Song
- Songwriter: Juancho Polo Valencia

= Alicia Adorada =

"Alicia Adorada" is a Colombian song written and performed by Juancho Polo Valencia.

The song was written by Valencia about the 1942 death during childbirth of his 22-year-old wife, Alicia Cantillo Mendoza, while Valencia was in another village. The song was reportedly composed as an elegy while Valencia mourned at the grave of his wife. Valencia reportedly sold the rights to the song to a record company in exchange for money he needed to buy liquor.

In its list of the 50 best Colombian songs of all time, El Tiempo, Colombia's most widely circulated newspaper, ranked the version of the song recorded by Alejandro Durán at No. 10. Viva Music Colombia rated the song No. 12 on its list of the 100 most important Colombian songs of all time.

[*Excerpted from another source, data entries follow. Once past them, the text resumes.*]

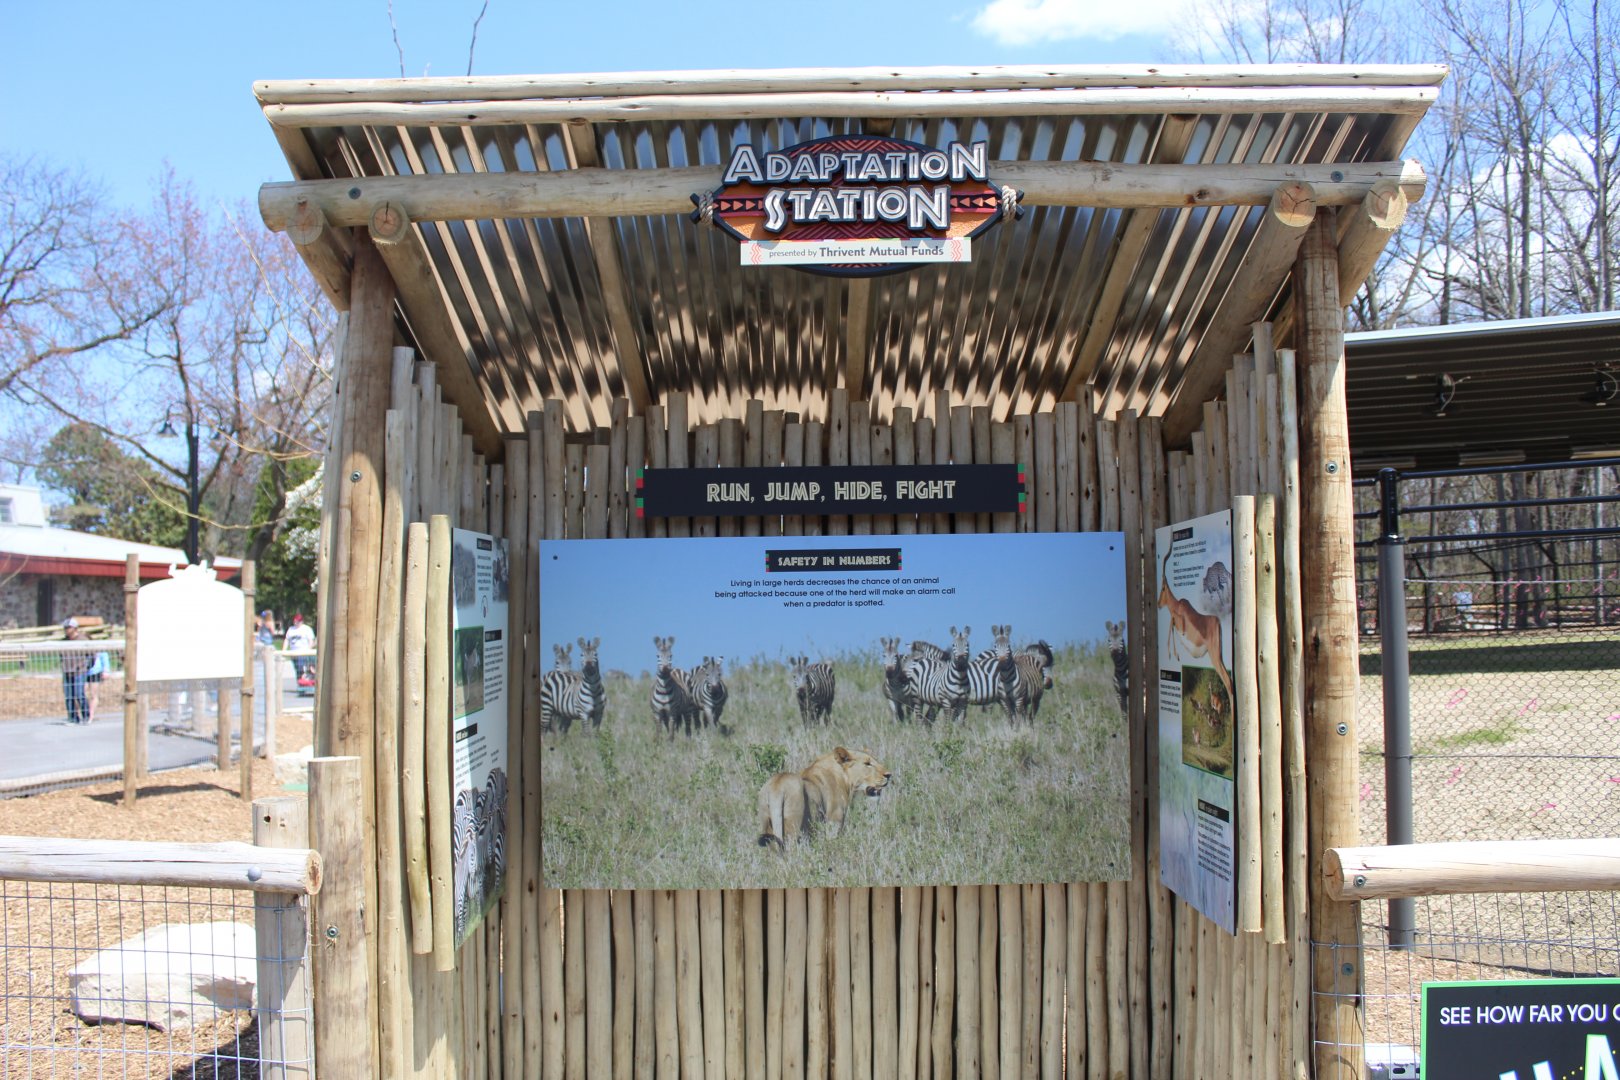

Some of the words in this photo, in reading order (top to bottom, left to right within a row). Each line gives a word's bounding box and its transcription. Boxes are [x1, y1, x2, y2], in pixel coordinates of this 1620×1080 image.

[724, 142, 987, 183] ADAPTATION
[764, 186, 949, 231] STATION
[769, 248, 806, 258] presented
[807, 248, 818, 258] by
[819, 247, 866, 257] Thrivent
[869, 246, 908, 256] Mutual
[911, 246, 944, 256] Funds
[706, 482, 755, 503] RUN,
[763, 481, 825, 502] JUMP,
[834, 481, 888, 502] HIDE,
[896, 480, 956, 500] FIGHT
[777, 556, 819, 567] SAFETY
[822, 556, 835, 566] IN
[838, 555, 892, 566] NUMBERS
[730, 580, 752, 588] Living
[762, 579, 782, 588] large
[806, 578, 846, 586] decreases
[892, 577, 900, 585] of
[714, 591, 737, 599] being
[738, 590, 773, 598] attacked
[849, 588, 867, 596] herd
[869, 588, 881, 596] will
[813, 600, 846, 608] predator
[847, 599, 853, 607] is
[854, 599, 885, 608] spotted.
[1439, 1006, 1471, 1025] SEE
[1476, 1005, 1524, 1024] HOW
[1529, 1004, 1563, 1023] FAR
[1567, 1003, 1607, 1022] YOU
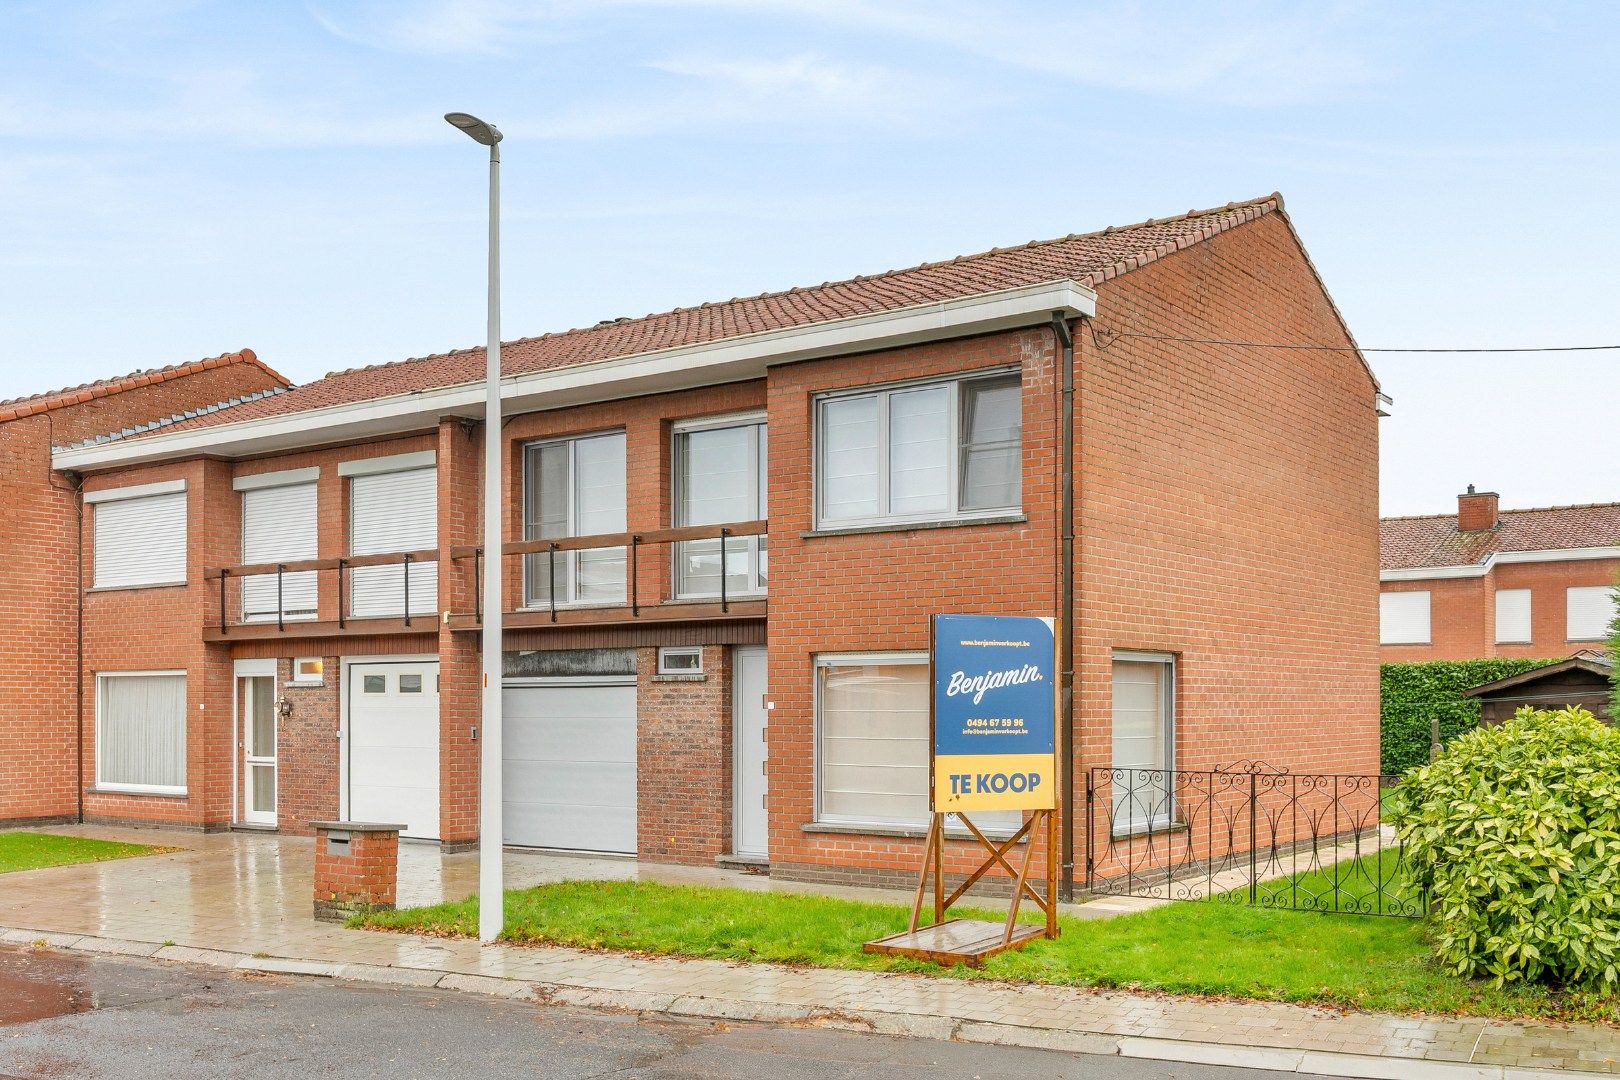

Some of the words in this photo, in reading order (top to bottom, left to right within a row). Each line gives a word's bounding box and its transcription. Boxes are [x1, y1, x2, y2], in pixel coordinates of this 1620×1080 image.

[967, 718, 988, 727] 0494
[989, 718, 999, 727] 67
[1001, 718, 1012, 727] 59
[1013, 718, 1024, 727] 96
[949, 774, 972, 794] TE
[976, 772, 1041, 794] KOOP
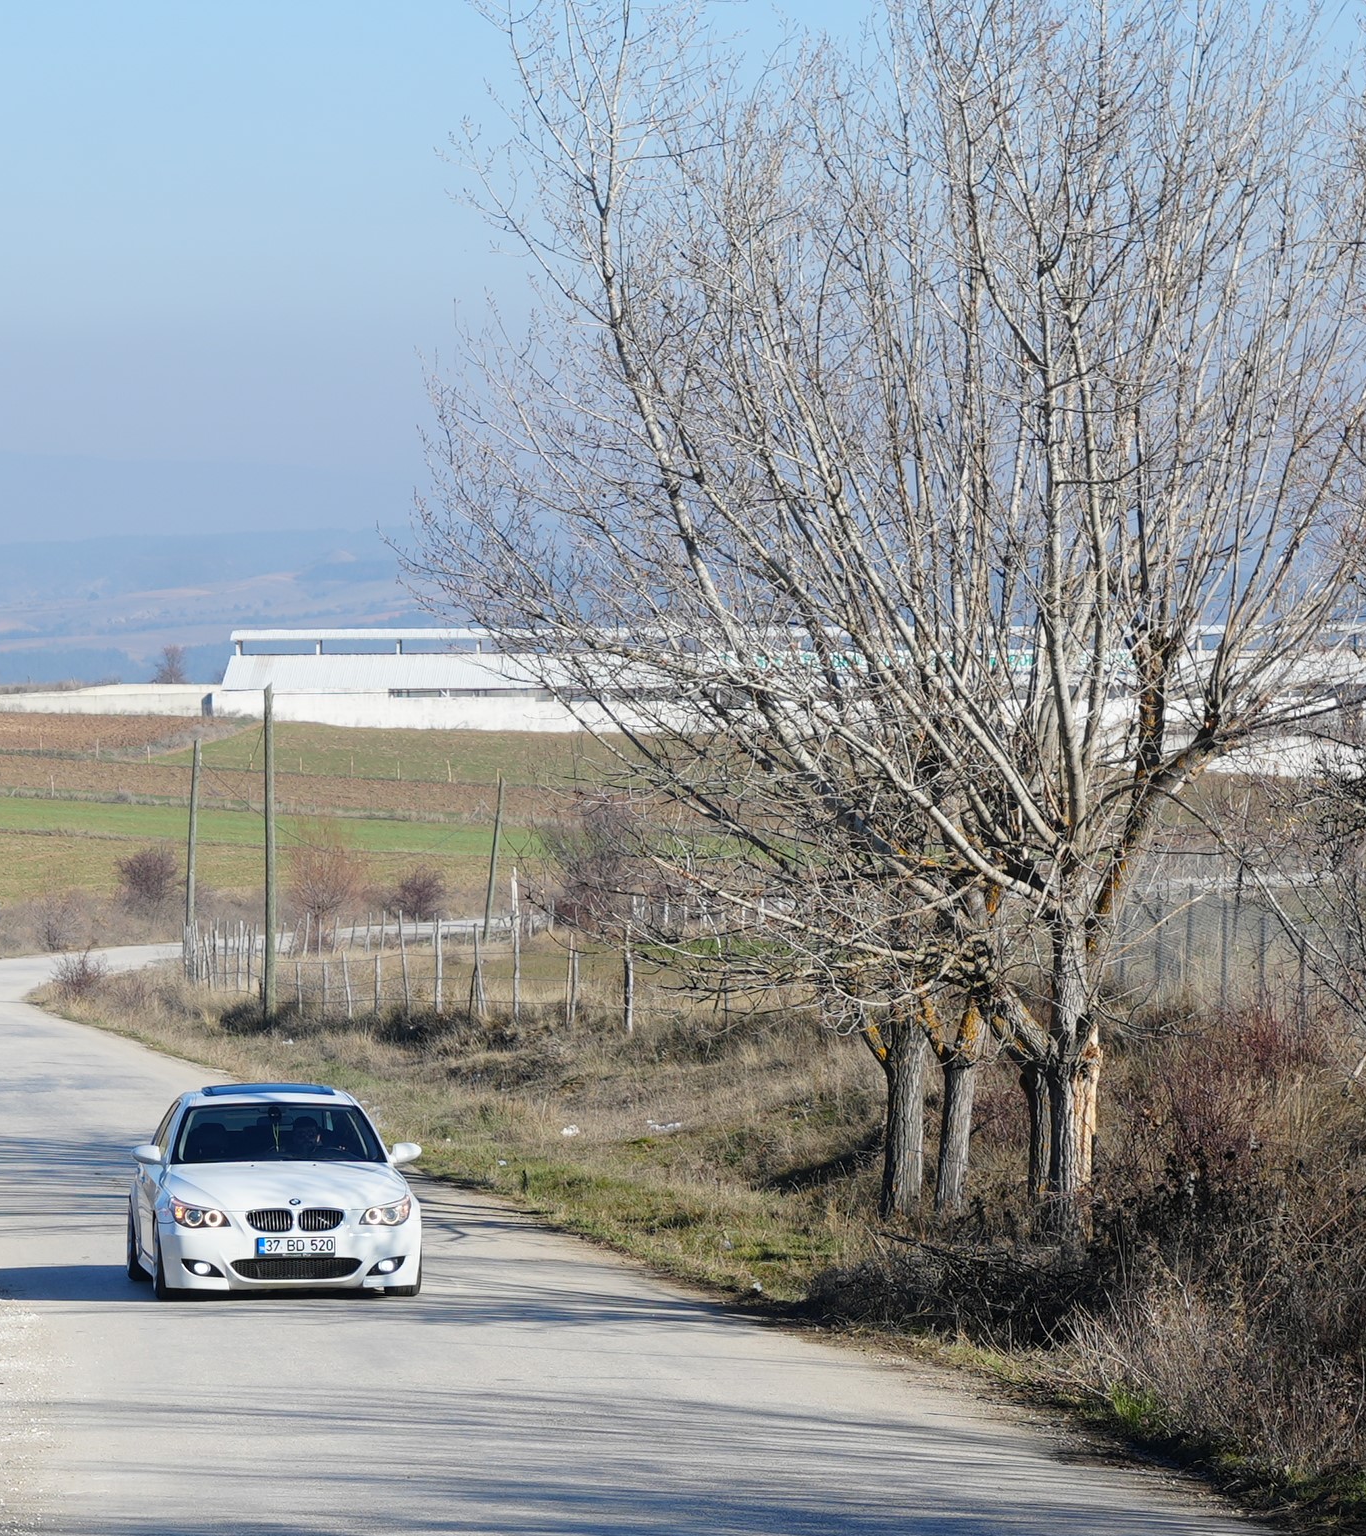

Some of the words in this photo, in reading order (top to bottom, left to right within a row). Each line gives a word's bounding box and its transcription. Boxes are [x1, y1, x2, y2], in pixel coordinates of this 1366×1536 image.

[265, 1239, 280, 1252] 37
[287, 1239, 305, 1252] BD
[310, 1239, 334, 1252] 520
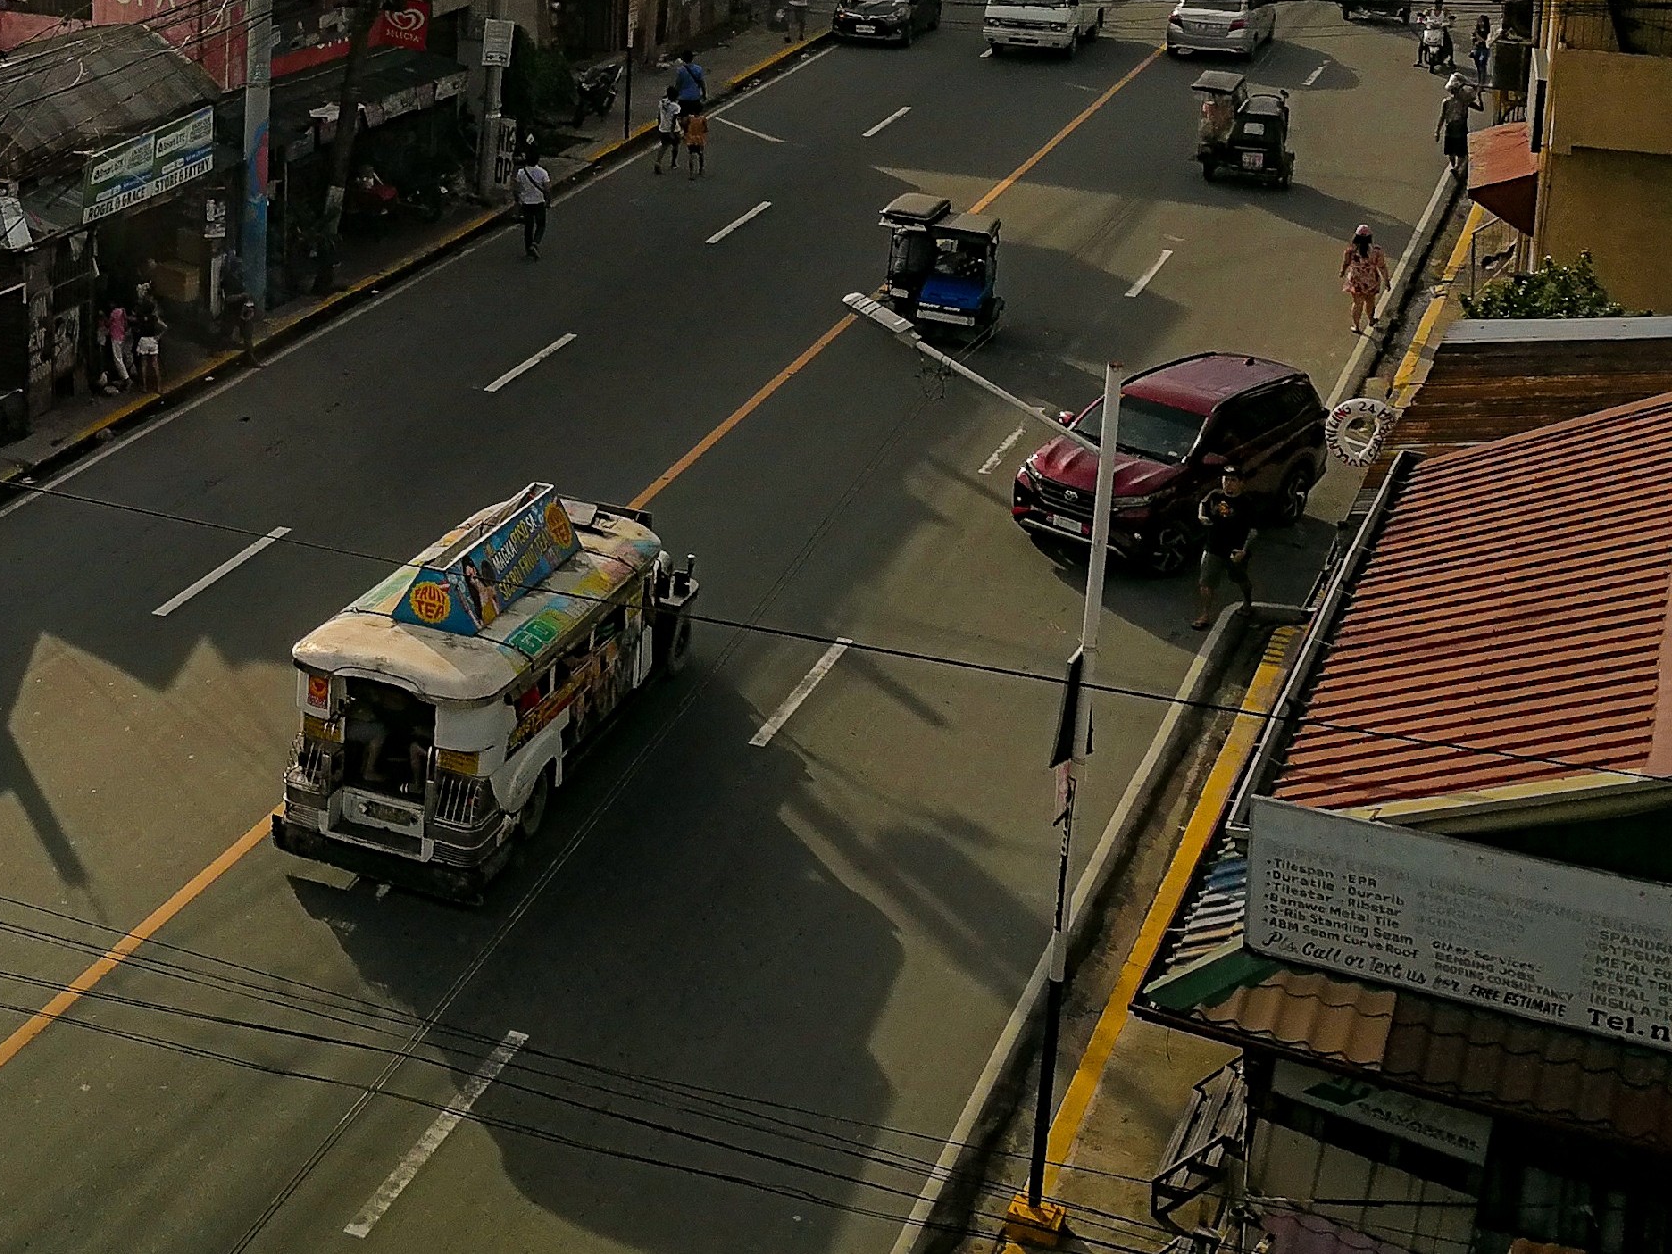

The song was recorded by Valencia and popularized in a recording by Alejandro Durán. Carlos Vives covered the song on his album Clásicos de la Provincia (1993), a collection of vallenato songs which popularized its genre outside of Colombia. Vives' version peaked at number 25 on the Billboard Hot Latin Songs chart in the United States. Other artists who have recorded the song include Carlos Vives, Orlando y Su Combo, Aníbal Velásquez, Los Black Stars, Ariza y Su Combo, Eneida Cedeño, Dorindo Cárdenas y su Conjunto Orgullo Santeño, Jorge Oñate / Juancho Rois, and Chirimia.